Mesophyll

Abstract

Cells of the mesophyll make up the bulk of internal leaf tissue and are the major site of photosynthesis in a plant by virtue of containing large populations of chloroplast organelles. The differentiation of the mesophyll and its coordinated expansion is important to leaf function because light interception by chloroplasts and gas exchange in the internal airspaces of the leaf are crucial to optimise rates of photosynthesis. In dicotyledonous leaves there are two types of mesophyll cell; palisade mesophyll and spongy mesophyll. Palisade mesophyll cells are elongate and form a layer beneath the upper epidermis, whereas spongy mesophyll cells are internal to the lower epidermis. Mesophyll cells in monocotyledonous leaves are often highly lobed.
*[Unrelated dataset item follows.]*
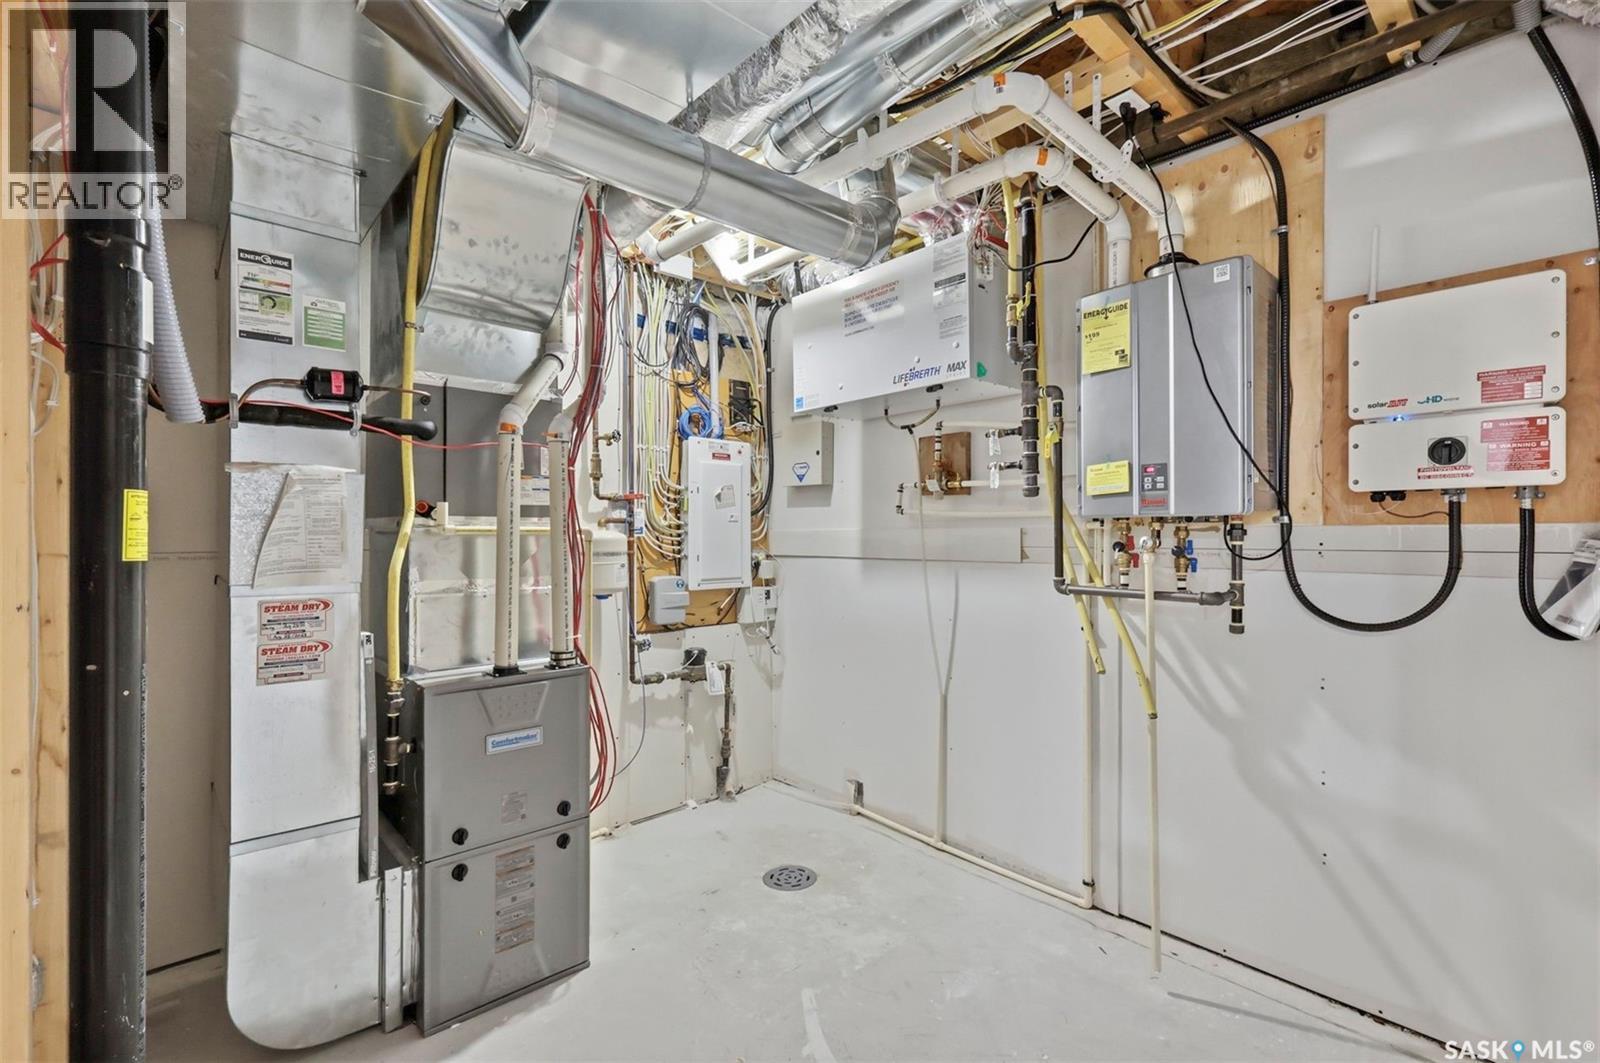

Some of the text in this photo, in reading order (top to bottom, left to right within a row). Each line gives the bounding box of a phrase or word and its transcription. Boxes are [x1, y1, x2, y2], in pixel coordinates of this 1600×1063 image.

All mesophyll cells contain large populations of chloroplasts, which enable the leaf to carry out photosynthetic carbon assimilation.

Key Concepts:

  • In dicotyledonous leaves there are two types of mesophyll cells, palisade mesophyll and spongy mesophyll.

  • Palisade mesophyll cells form a layer beneath the upper epidermis whereas spongy mesophyll cells are internal to the lower epidermis.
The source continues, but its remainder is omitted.